1 Einführung und allgemeine Anatomie


H.-G. Liebich, G. Forstenpointner und H. E. König

1.1 Geschichte der Tieranatomie


G. Forstenpointner

Die Morphologie als Lehre von der Form der Dinge wurde bereits von Aristoteles, ihrem Begründer, als die auf strikten methodischen Vorgaben basierende Suche nach den Bauprinzipien aller erfassbaren Strukturen definiert, die immer auch nach den funktionellen Ursachen für die festgestellten Befunde zu fragen hatte. Dieser wissenschaftliche Zugang, mit dem sich der große Schüler Platons grundlegend von den früheren griechischen Naturphilosophen abhob, hat bis heute als Richtschnur für alle Bereiche der Grundlagenforschung volle Gültigkeit bewahrt.

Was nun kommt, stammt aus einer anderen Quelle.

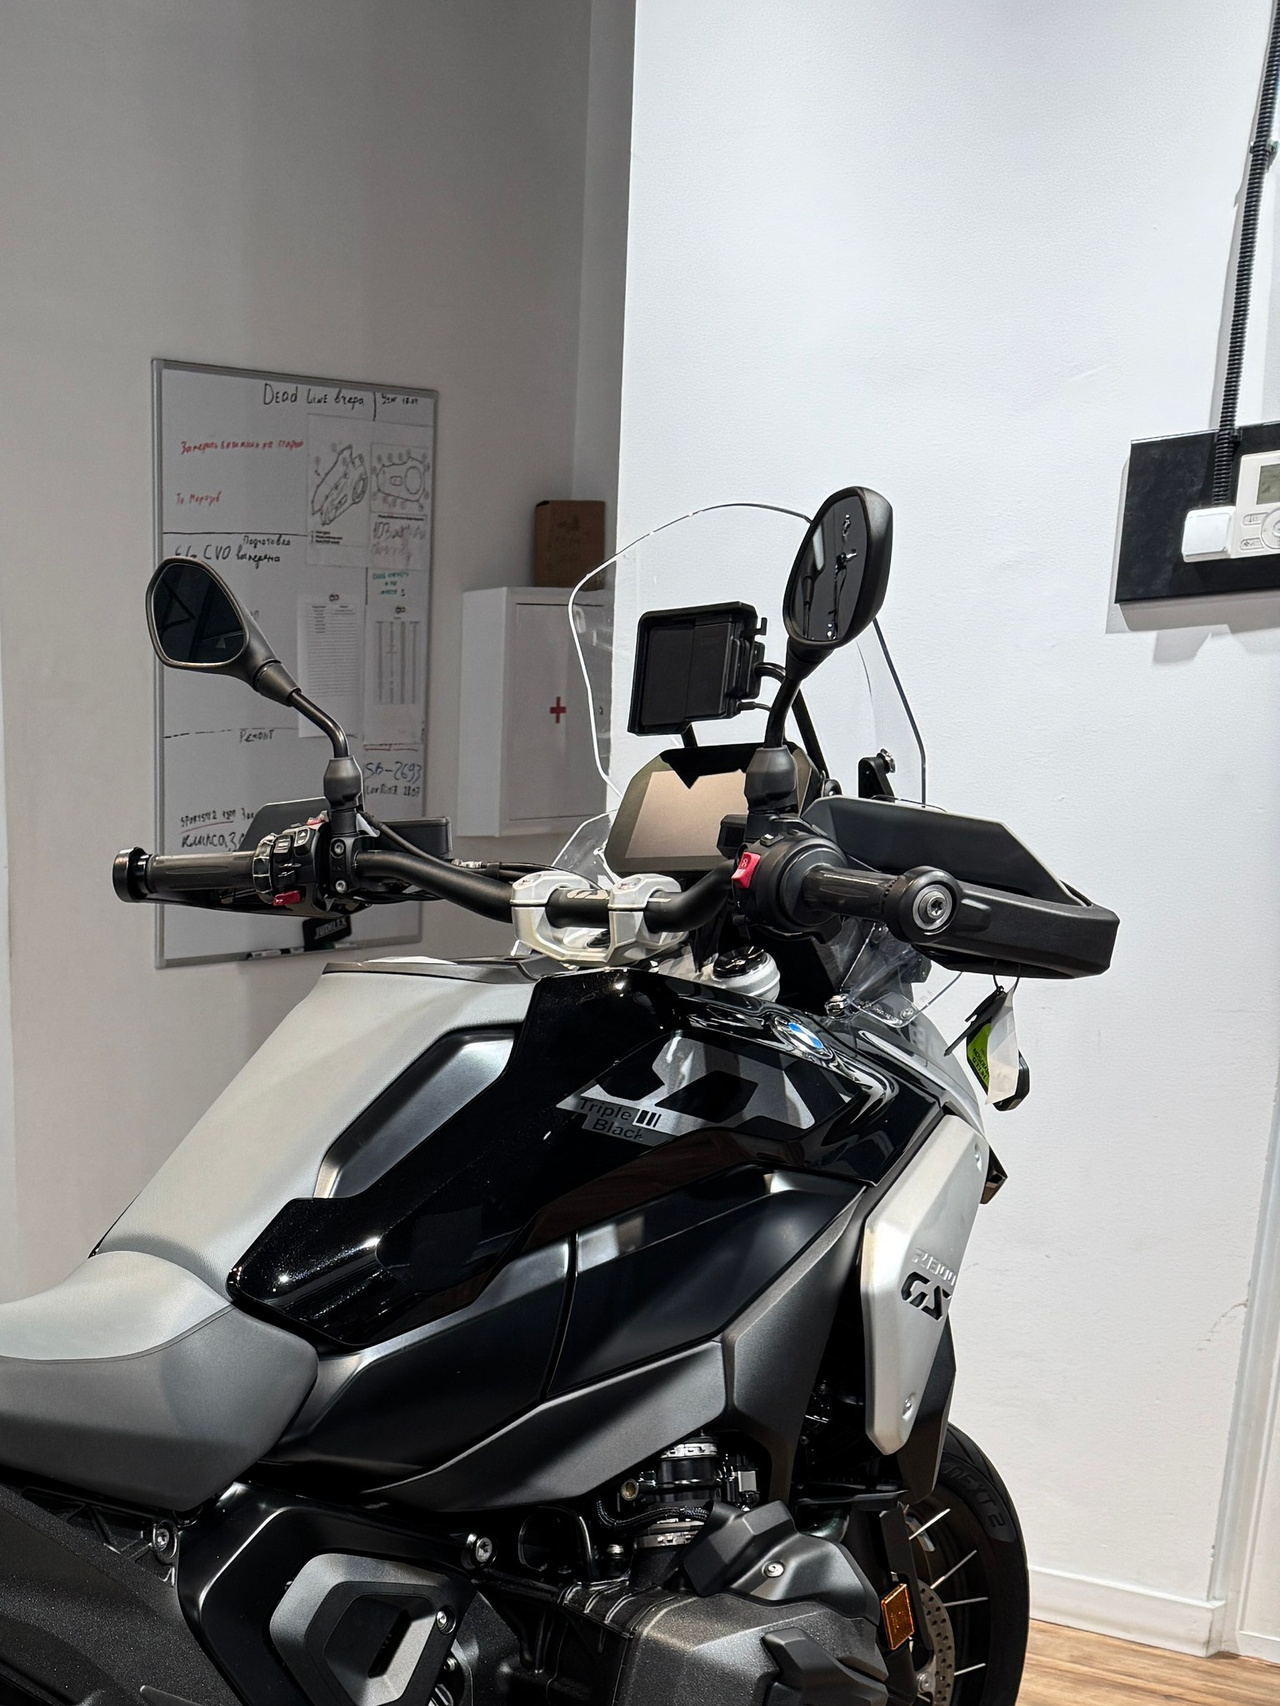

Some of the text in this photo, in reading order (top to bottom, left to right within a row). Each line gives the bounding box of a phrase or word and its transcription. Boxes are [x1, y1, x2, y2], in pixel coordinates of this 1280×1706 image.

[580, 1098, 632, 1121] Triple
[592, 1118, 644, 1141] Black
[900, 1271, 952, 1321] GS

Aristoteles hat zweifellos selbst anatomische Forschungen betrieben; sein »Buch über die Anatomie« (eigentlich über das »Zerteilen«) ist zwar verloren, aber eine Reihe von Verweisen in der »historia animalium« gibt nicht nur Aufschluss über die inhaltlichen Schwerpunkte des Werkes, das sich vor allem mit den Verdauungs- und Geschlechtsorganen auseinandersetzte, sondern belegt auch, dass Aristoteles seine Befunde durch schematische Abbildungen illustrierte. Viele seiner Beobachtungen waren natürlich unvollständig und wurden deshalb von ihm auch falsch interpretiert, manche funktionelle Überlegungen, wie z.B. die Gedanken »zur Fortbewegung der Lebewesen«, sind aber auch heute noch lesenswert. Für den Lehrer Aristoteles war der erzielbare Wissenszuwachs Grund genug für seine Forschungen, diese Motivation ist auch bei seinem direkten Epigonen Theophrastos von Eresos oder den römischen Naturforschern wie Plinius und Aelian noch fassbar.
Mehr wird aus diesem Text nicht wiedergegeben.